|“ Undemocratic ..dictatorial" mayor exaggerates support for politicians’ republic|
|Written by Professor David Flint AM|
|Saturday, 18 October 2008|
The new mayor of a suburban Sydney Council, Ku-ring-gai, exaggerating republican support there, removed the Queen’s portrait from behind her seat in the council chambers less than 24 hours after taking office. The Mayor seems to have acted without the authority of the Council. This is not after all her office, but the public chamber in which the full Council meets.
Not surprisingly, the action was slammed as “undemocratic and dictatorial” by Cr Tony Hall.
“(The Queen) is the Queen of Australia and her portrait has a right to be there,” he said.The mayor’s authoritarian action will only demonstrate to the public the danger in giving some politicians even more power in a politicians’ republic.When questioned by her colleagues, Mayor Elaine Malicki dismissed this by saying they “can put it in writing in a notice of motion.

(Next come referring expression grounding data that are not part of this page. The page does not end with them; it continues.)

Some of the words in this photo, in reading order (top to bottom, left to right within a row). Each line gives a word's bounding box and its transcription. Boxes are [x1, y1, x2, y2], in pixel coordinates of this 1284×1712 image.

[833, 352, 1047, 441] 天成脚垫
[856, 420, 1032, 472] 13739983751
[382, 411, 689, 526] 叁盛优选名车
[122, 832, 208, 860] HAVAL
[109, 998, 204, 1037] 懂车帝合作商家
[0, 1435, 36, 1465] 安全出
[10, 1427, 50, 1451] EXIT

She told the North Shore Times on 16 October the portrait was “now in the councillor’s boardroom in a position of great honour”. Cr Nick Ebbeck, who was the previous mayor told The Times’ Katrina Adamski “The chamber is public property and I don’t believe any one person is bigger than our community.” “The monarchy debate is a federal decision and it’s well and truly out of our level of government to be intervening she has no right to be making these stands in isolation on behalf of the community.” Cr Malicki, whom The Times says does not wear mayoral robes, said the portrait would be available for citizenship ceremonies and other ceremonial occasions.

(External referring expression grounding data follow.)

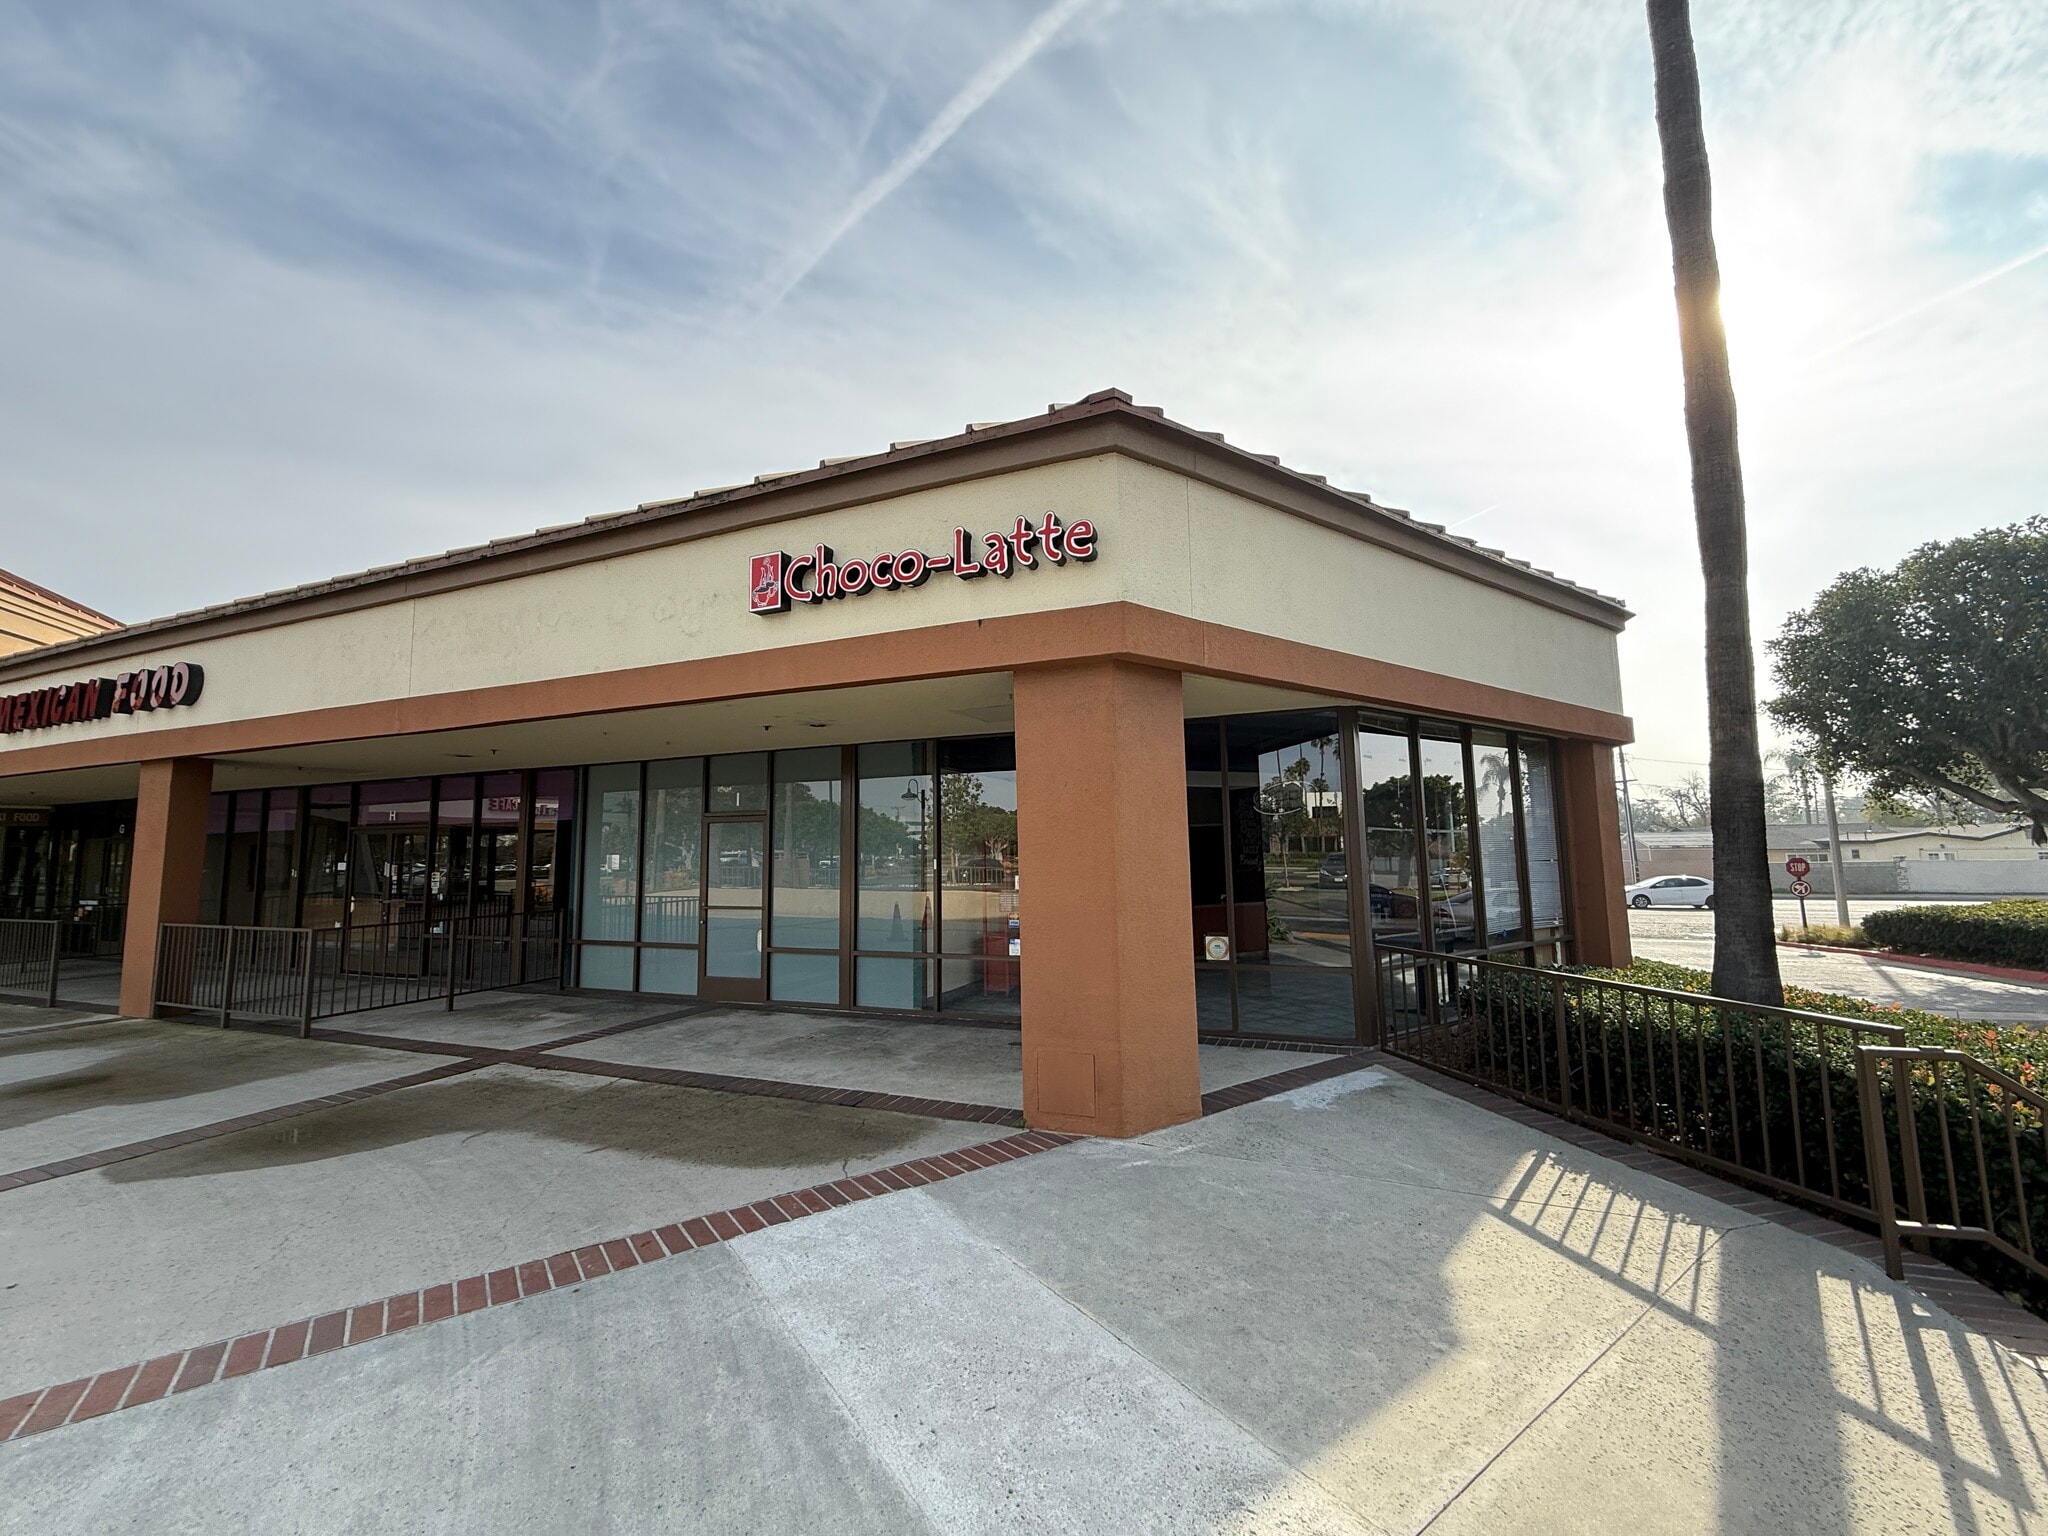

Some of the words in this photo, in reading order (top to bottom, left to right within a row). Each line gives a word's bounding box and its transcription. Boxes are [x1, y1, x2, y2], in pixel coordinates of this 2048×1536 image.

[784, 511, 1094, 602] Choco-Latte
[112, 662, 191, 713] FOOD
[14, 812, 40, 822] FOOD
[389, 810, 396, 821] H
[119, 824, 126, 834] G
[1790, 862, 1806, 872] STOP

“The quality of our leadership does not rely on having a portrait of the Queen as a young woman hanging in the chamber during council meetings,” she said.

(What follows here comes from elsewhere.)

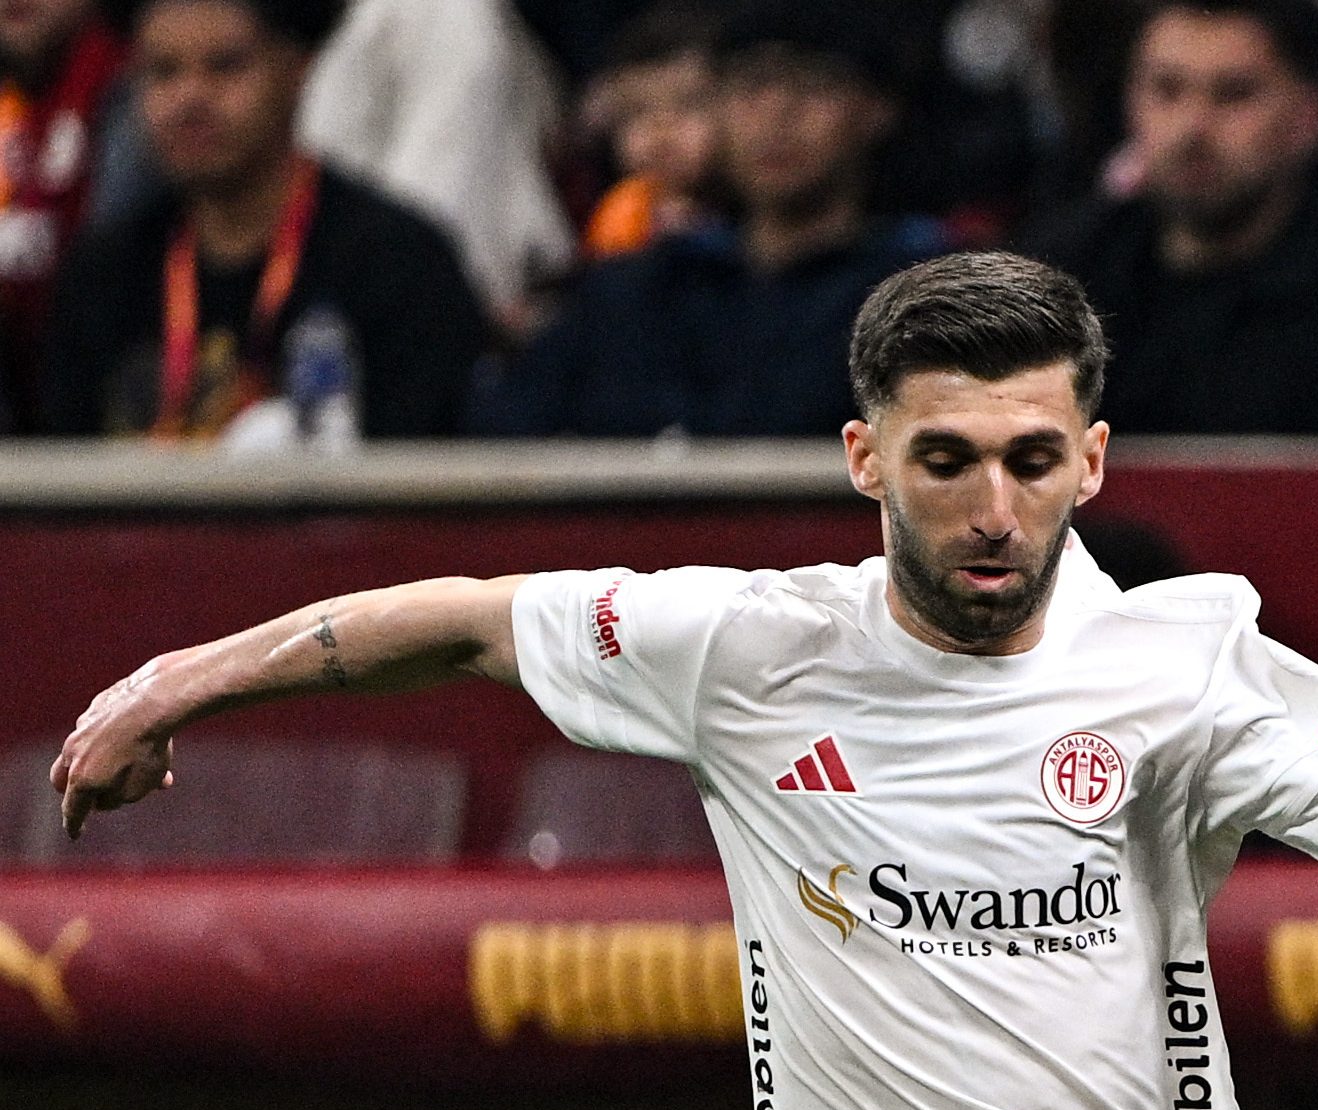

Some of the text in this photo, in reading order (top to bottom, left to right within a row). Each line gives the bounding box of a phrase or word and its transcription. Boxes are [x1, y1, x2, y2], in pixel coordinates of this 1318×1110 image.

[1048, 736, 1120, 773] ANTALYASPOR
[868, 861, 1122, 932] Swandor
[900, 926, 1118, 958] HOTELS & RESORTS

“The decisions made are those of the elected councillors and they have nothing whatsoever to do with a leader in England. We have an Opposition Leader (Malcolm Turnbull) who is a republican, and don’t forget that Ku-ring-gai voters were among the strongest supporters of a republic during the referendum. “
Well, of the 28% of electorates which actually voted for the politicians republic in 1999, the Yes vote in the electorates in the area was 55.6 and 54.5%. The area ranked only 23rd to 25th among the 42 electorates which voted in favour.
Extraordinarily, the mayor says “It is time for this minor change and I am more than happy for there to be further debate.”
This minor change necessitated a vast number of changes set out in the 1999 bill.
But of course there can be further debate. But not in the Council chamber, Your Worship.